[Record extracts Boundary: Start]
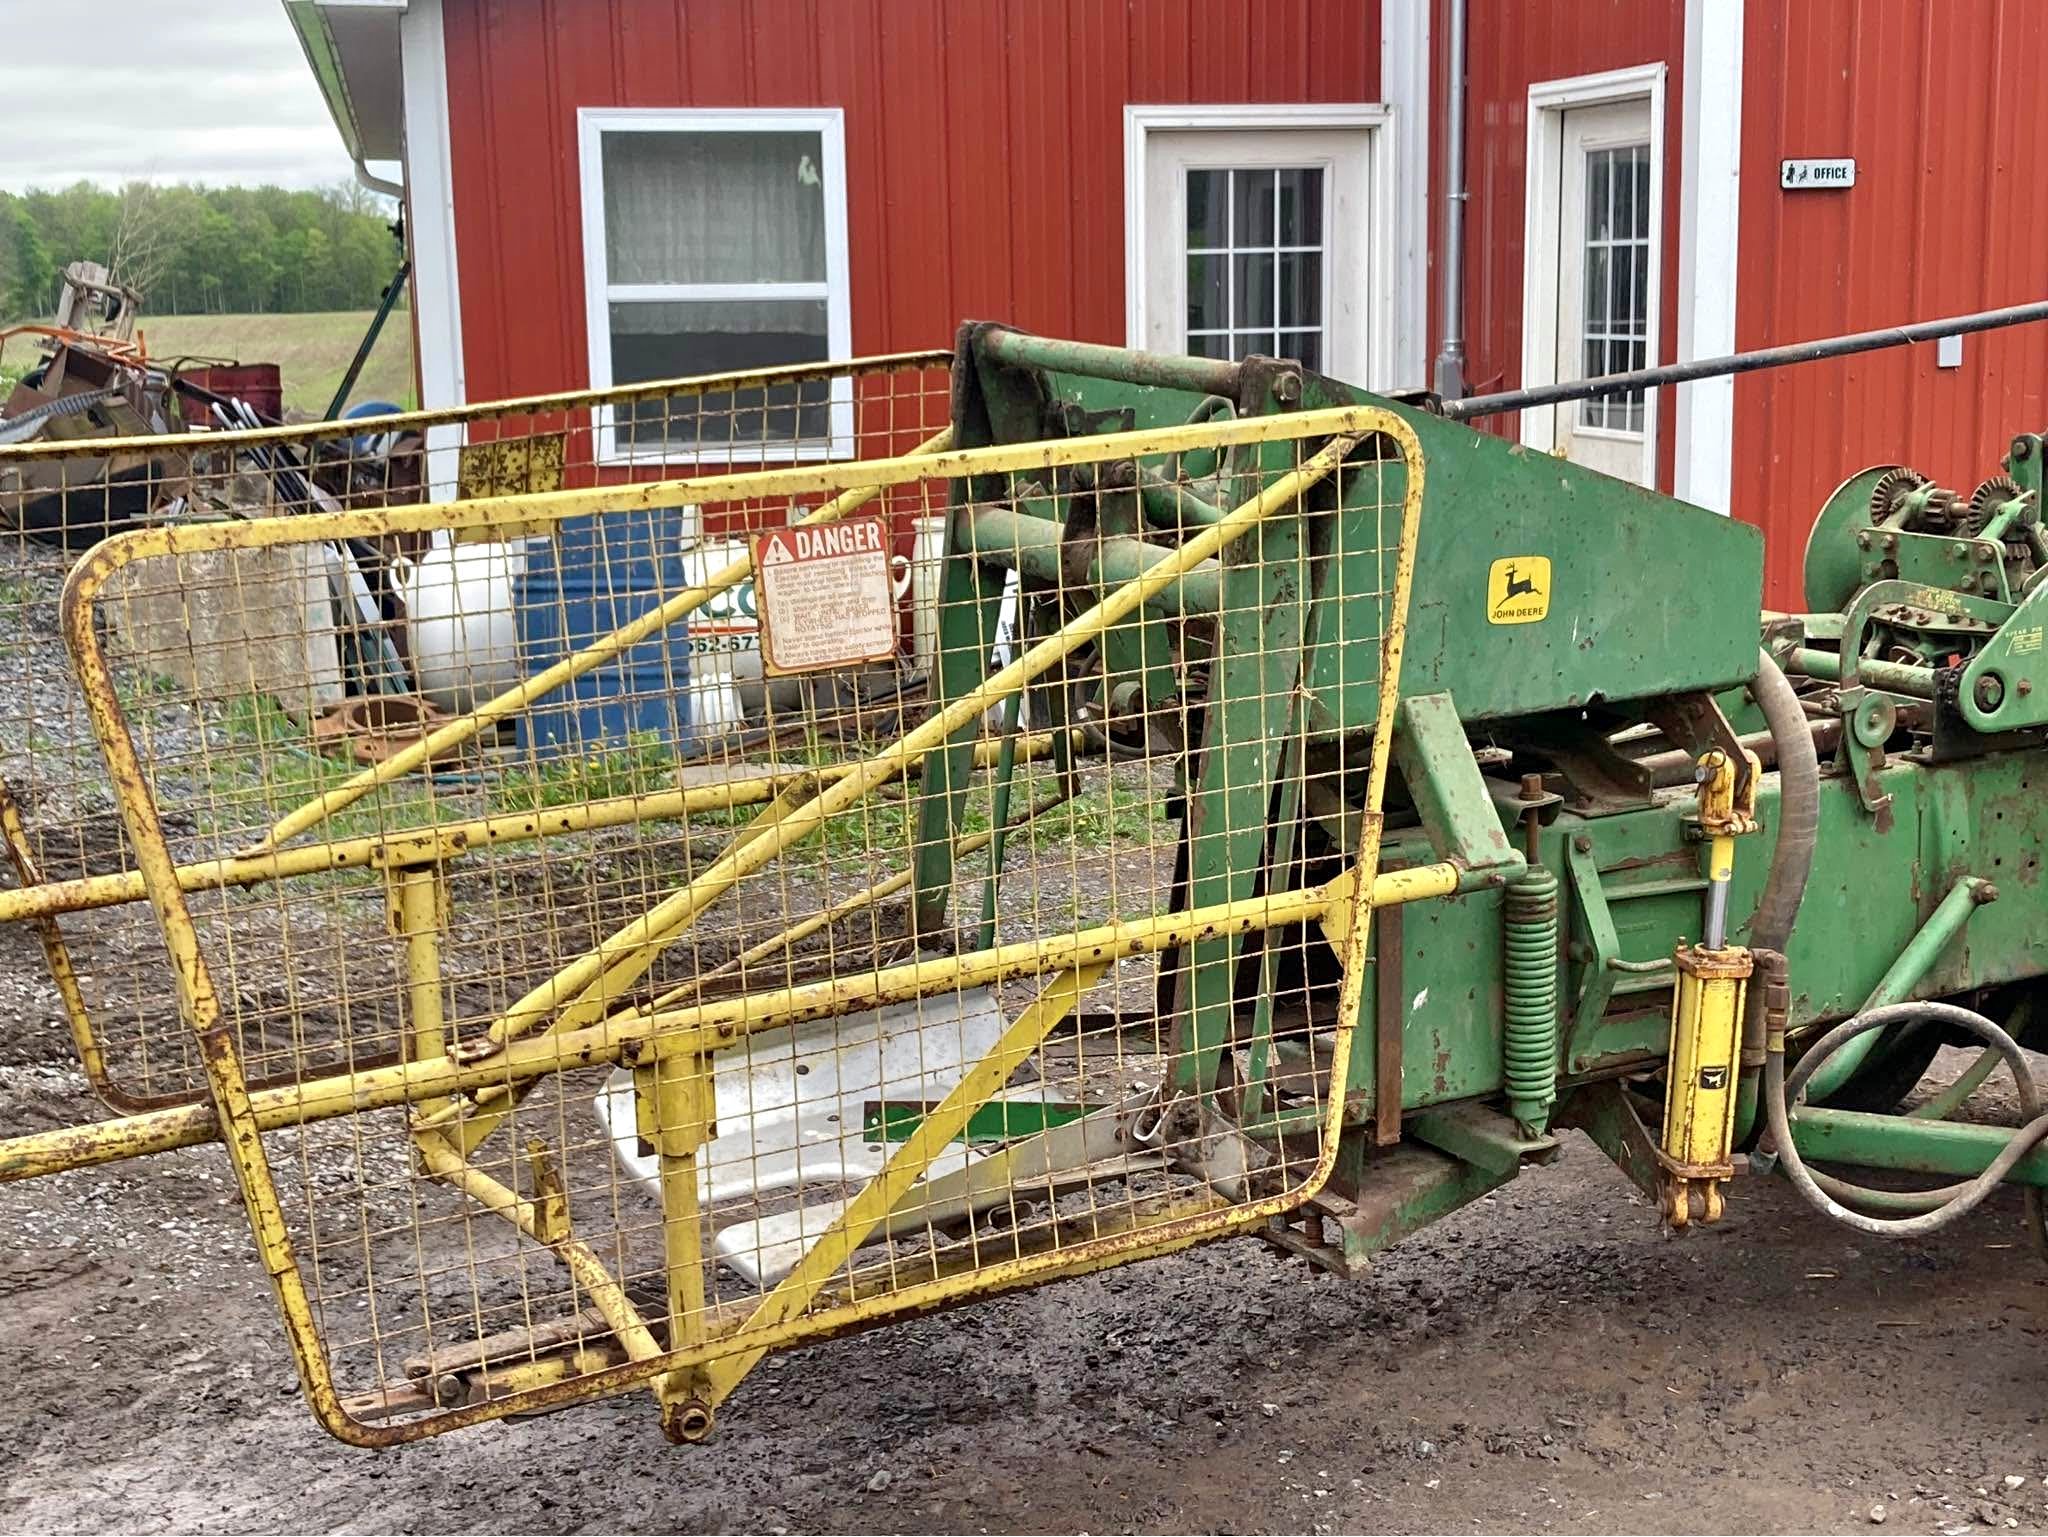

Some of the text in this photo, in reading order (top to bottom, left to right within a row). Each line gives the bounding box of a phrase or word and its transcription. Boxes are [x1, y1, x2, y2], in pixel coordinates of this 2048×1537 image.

[1814, 167, 1847, 180] OFFICE
[795, 522, 881, 559] DANGER
[1492, 607, 1544, 619] JOHN DEERE
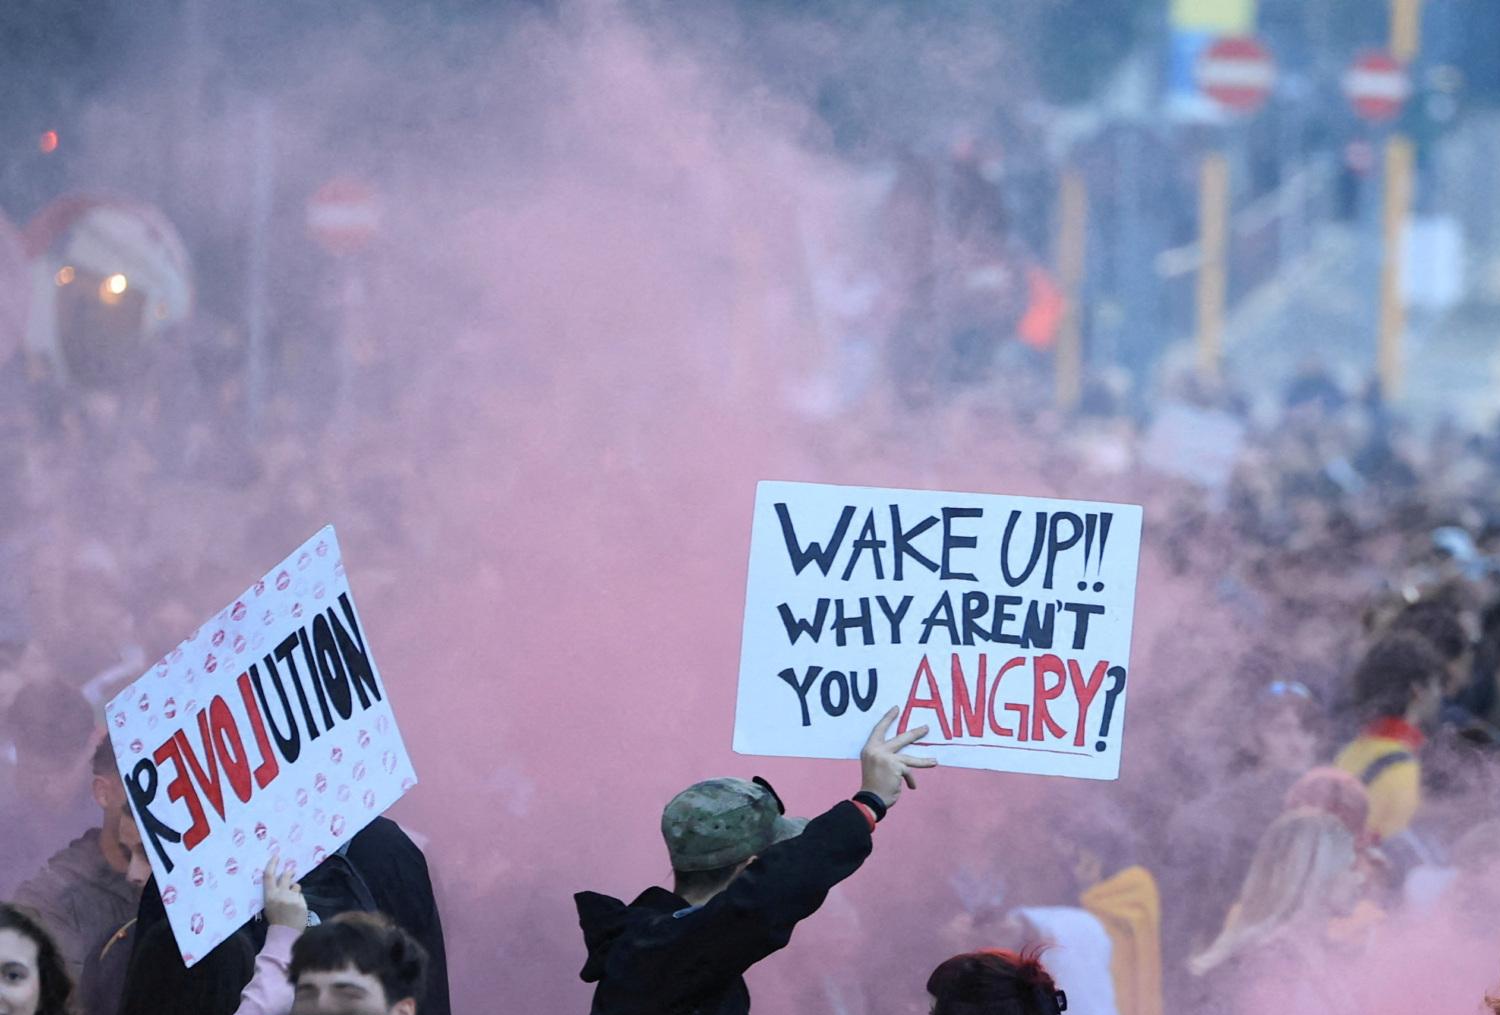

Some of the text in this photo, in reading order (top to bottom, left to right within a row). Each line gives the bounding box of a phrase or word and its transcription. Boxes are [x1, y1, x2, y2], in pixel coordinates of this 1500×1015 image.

[774, 503, 1113, 592] WAKE UP!!
[776, 590, 1105, 649] WHY AREN'T
[777, 653, 1127, 752] YOU ANGRY?
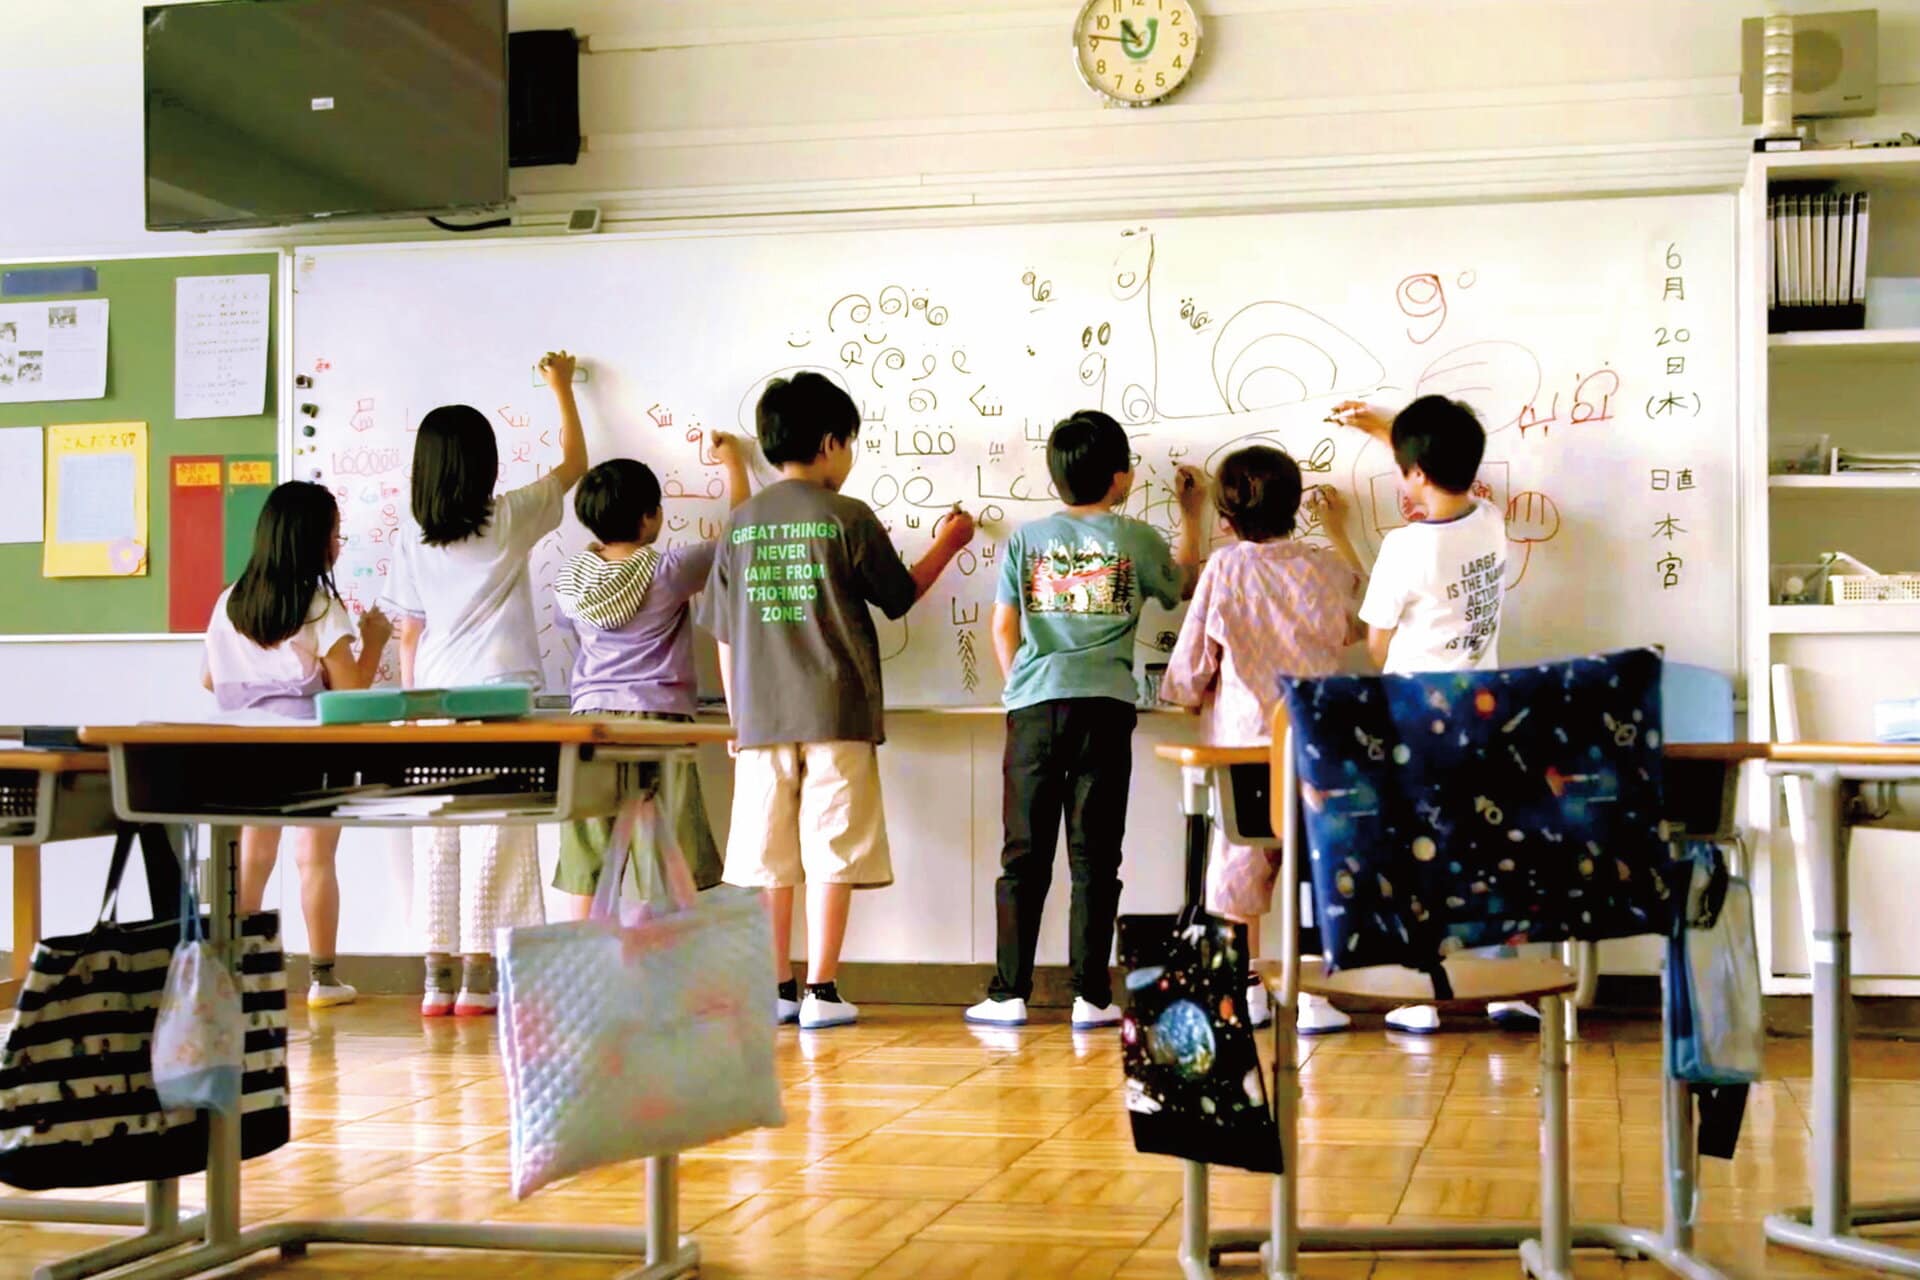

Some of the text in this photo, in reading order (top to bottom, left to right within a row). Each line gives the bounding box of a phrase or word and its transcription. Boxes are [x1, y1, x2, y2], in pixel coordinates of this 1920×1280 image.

[1096, 15, 1110, 30] 10
[1171, 10, 1181, 26] 2
[1088, 38, 1099, 52] 9
[1179, 32, 1189, 47] 3
[1096, 59, 1106, 74] 8
[1172, 55, 1182, 69] 4
[1114, 74, 1123, 89] 7
[1134, 79, 1145, 94] 6
[1155, 72, 1165, 87] 5
[1650, 467, 1697, 491] 日直
[732, 522, 838, 545] GREAT THINGS
[757, 543, 806, 561] NEVER
[786, 563, 825, 580] FROM
[1446, 583, 1460, 600] IS
[1460, 574, 1483, 594] THE
[761, 605, 807, 622] ZONE.
[Record extracts Boundary: End]
**Exercise requirements:**
The entries above need to be repeated in full, word for word. Skip the images.

**Response for this exercise:**
Some of the text in this photo, in reading order (top to bottom, left to right within a row). Each line gives the bounding box of a phrase or word and its transcription. Boxes are [x1, y1, x2, y2], in pixel coordinates of this 2048×1537 image.

[1814, 167, 1847, 180] OFFICE
[795, 522, 881, 559] DANGER
[1492, 607, 1544, 619] JOHN DEERE

Some of the text in this photo, in reading order (top to bottom, left to right within a row). Each line gives the bounding box of a phrase or word and its transcription. Boxes are [x1, y1, x2, y2], in pixel coordinates of this 1500×1015 image.

[774, 503, 1113, 592] WAKE UP!!
[776, 590, 1105, 649] WHY AREN'T
[777, 653, 1127, 752] YOU ANGRY?

Some of the text in this photo, in reading order (top to bottom, left to right within a row). Each line gives the bounding box of a phrase or word and its transcription. Boxes are [x1, y1, x2, y2], in pixel coordinates of this 1920×1280 image.

[1096, 15, 1110, 30] 10
[1171, 10, 1181, 26] 2
[1088, 38, 1099, 52] 9
[1179, 32, 1189, 47] 3
[1096, 59, 1106, 74] 8
[1172, 55, 1182, 69] 4
[1114, 74, 1123, 89] 7
[1134, 79, 1145, 94] 6
[1155, 72, 1165, 87] 5
[1650, 467, 1697, 491] 日直
[732, 522, 838, 545] GREAT THINGS
[757, 543, 806, 561] NEVER
[786, 563, 825, 580] FROM
[1446, 583, 1460, 600] IS
[1460, 574, 1483, 594] THE
[761, 605, 807, 622] ZONE.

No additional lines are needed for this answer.